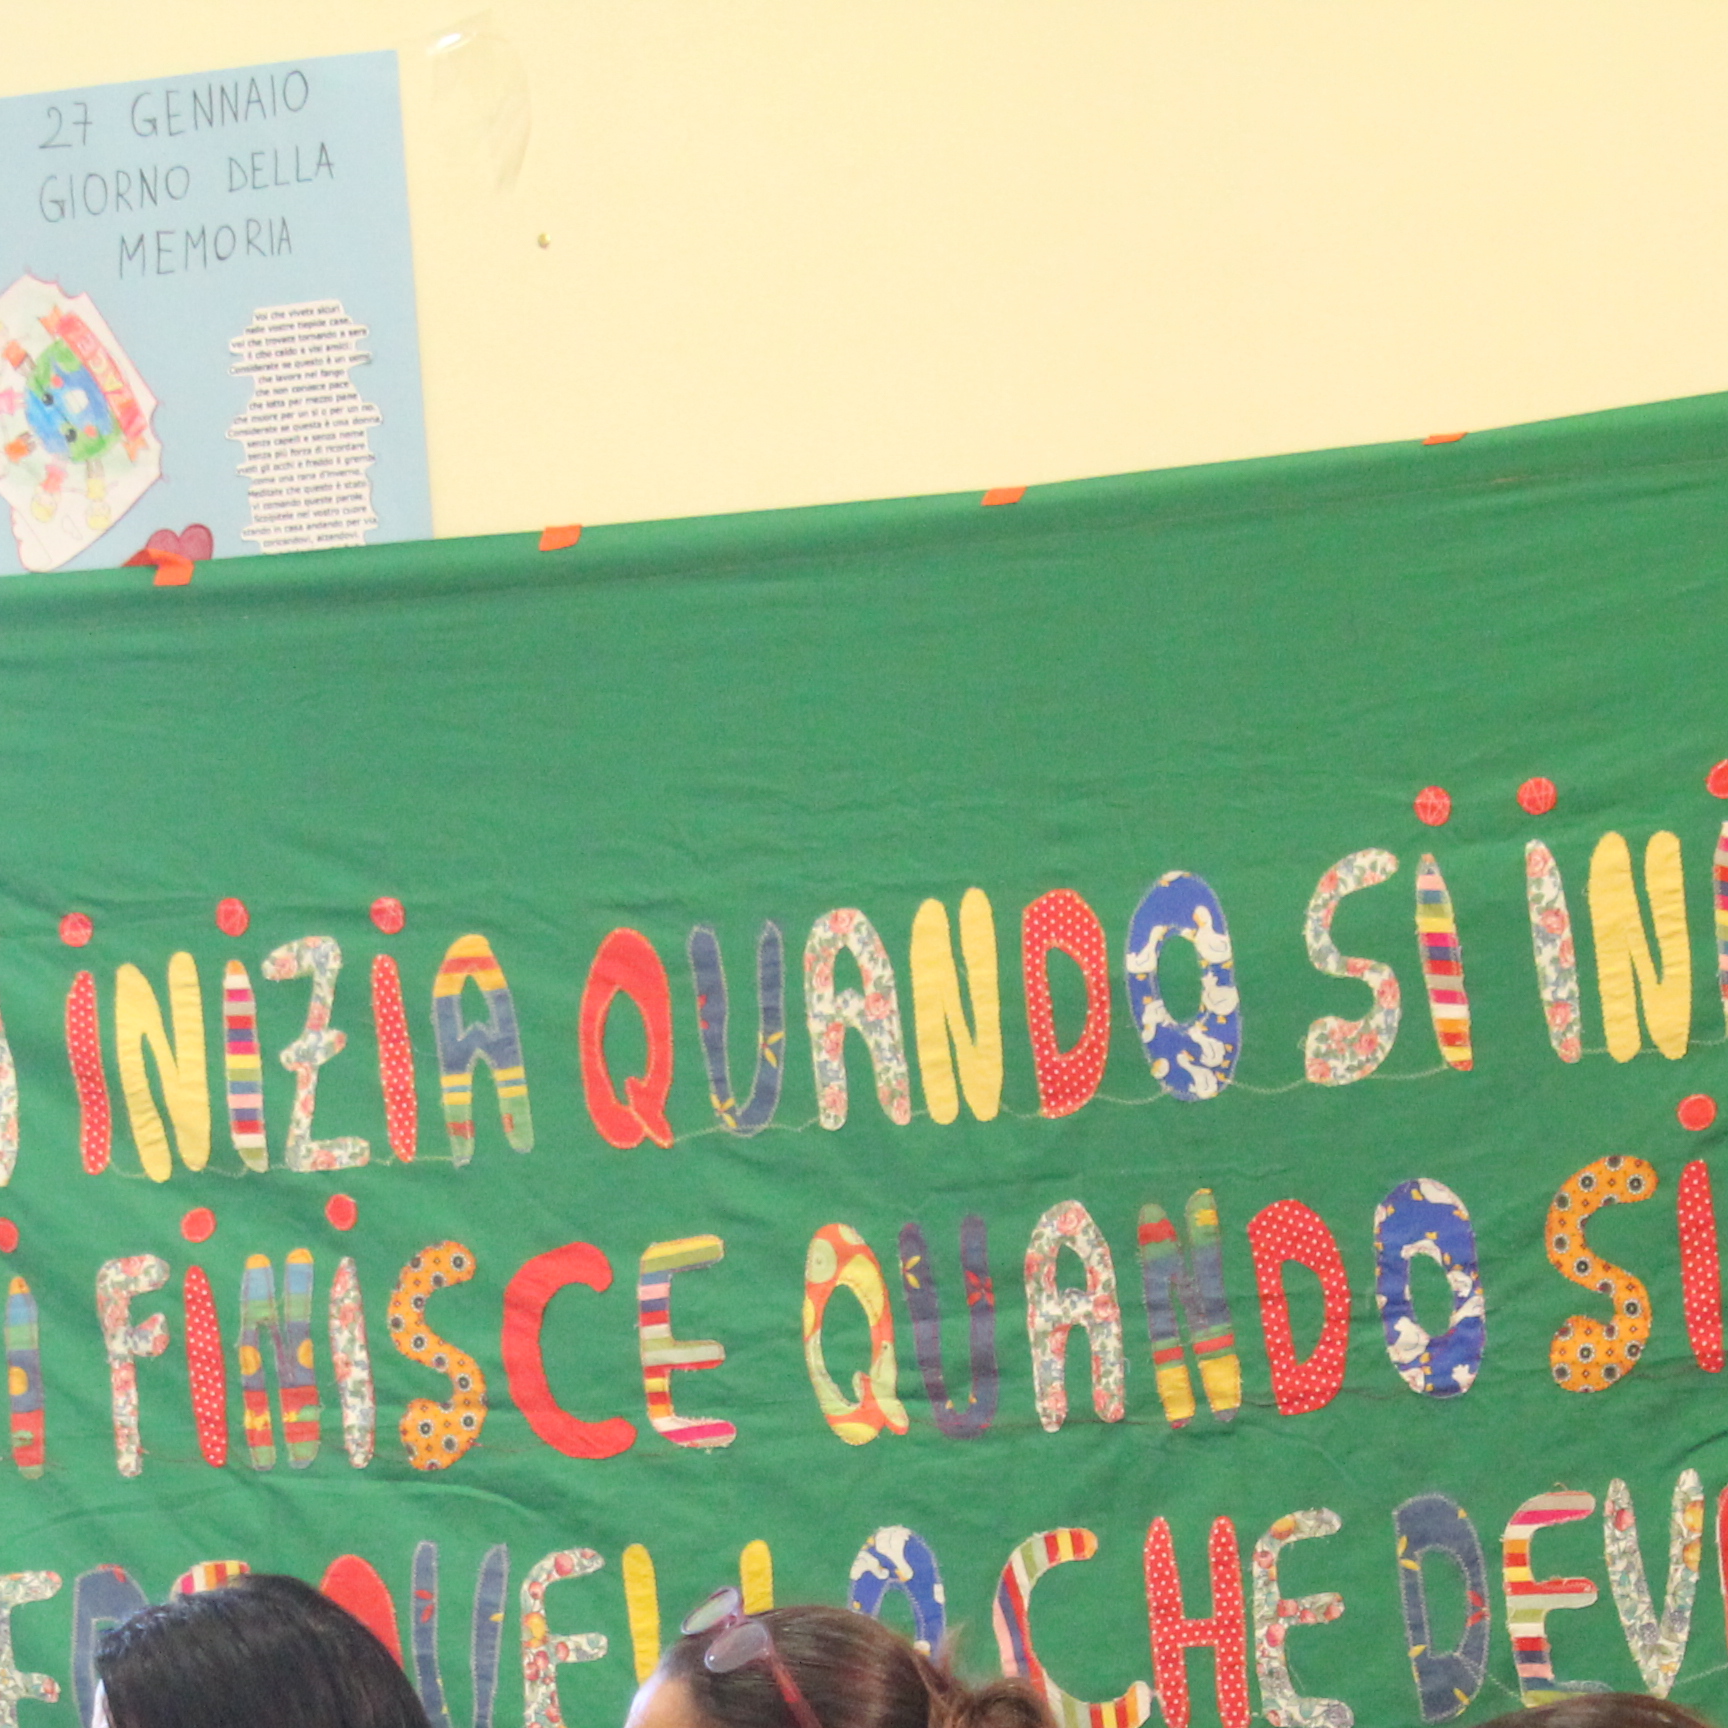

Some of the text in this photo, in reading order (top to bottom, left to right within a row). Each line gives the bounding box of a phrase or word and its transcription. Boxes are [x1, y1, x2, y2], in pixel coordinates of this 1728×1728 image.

[39, 70, 309, 148] 27 GENNAIO
[40, 142, 334, 223] GIORNO DELLA
[120, 217, 292, 279] MEMORIA
[578, 870, 1242, 1149] QUANDO
[803, 1177, 1486, 1445] QUANDO
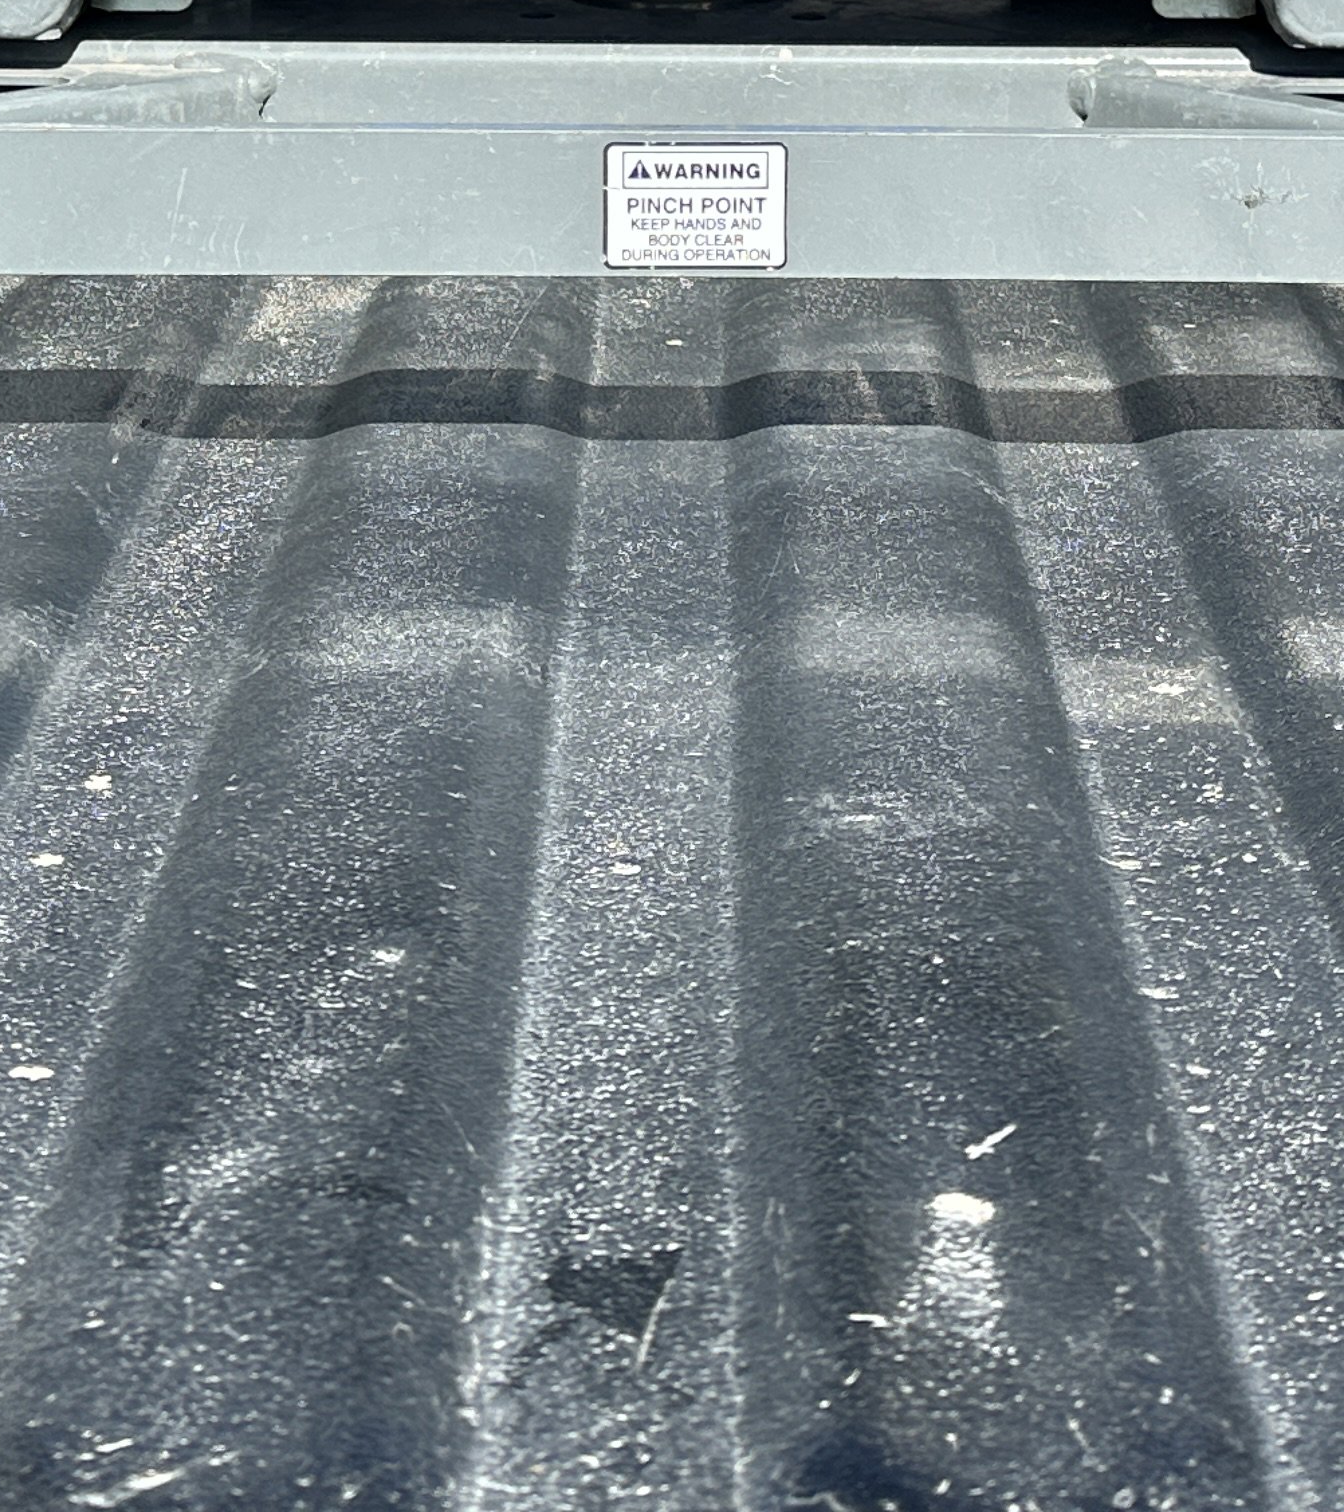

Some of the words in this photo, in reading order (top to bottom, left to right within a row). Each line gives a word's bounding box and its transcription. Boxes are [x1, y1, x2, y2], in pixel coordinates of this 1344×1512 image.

[654, 163, 761, 180] WARNING
[627, 197, 693, 214] PINCH
[701, 197, 767, 214] POINT
[631, 218, 670, 230] KEEP
[674, 218, 726, 230] HANDS
[730, 218, 762, 230] AND
[648, 234, 691, 246] BODY
[695, 234, 744, 246] CLEAR
[621, 249, 679, 261] DURING
[684, 249, 771, 261] OPERATION

★ ★ ★ ★ ★ ★ ★

Try it – The data above must be given again in full and unaltered, minus its images.

Written response –
Some of the text in this photo, in reading order (top to bottom, left to right within a row). Each line gives the bounding box of a phrase or word and its transcription. Boxes are [x1, y1, x2, y2], in pixel coordinates of this 1728×1728 image.

[39, 70, 309, 148] 27 GENNAIO
[40, 142, 334, 223] GIORNO DELLA
[120, 217, 292, 279] MEMORIA
[578, 870, 1242, 1149] QUANDO
[803, 1177, 1486, 1445] QUANDO

Some of the words in this photo, in reading order (top to bottom, left to right within a row). Each line gives a word's bounding box and its transcription. Boxes are [x1, y1, x2, y2], in pixel coordinates of this 1344×1512 image.

[654, 163, 761, 180] WARNING
[627, 197, 693, 214] PINCH
[701, 197, 767, 214] POINT
[631, 218, 670, 230] KEEP
[674, 218, 726, 230] HANDS
[730, 218, 762, 230] AND
[648, 234, 691, 246] BODY
[695, 234, 744, 246] CLEAR
[621, 249, 679, 261] DURING
[684, 249, 771, 261] OPERATION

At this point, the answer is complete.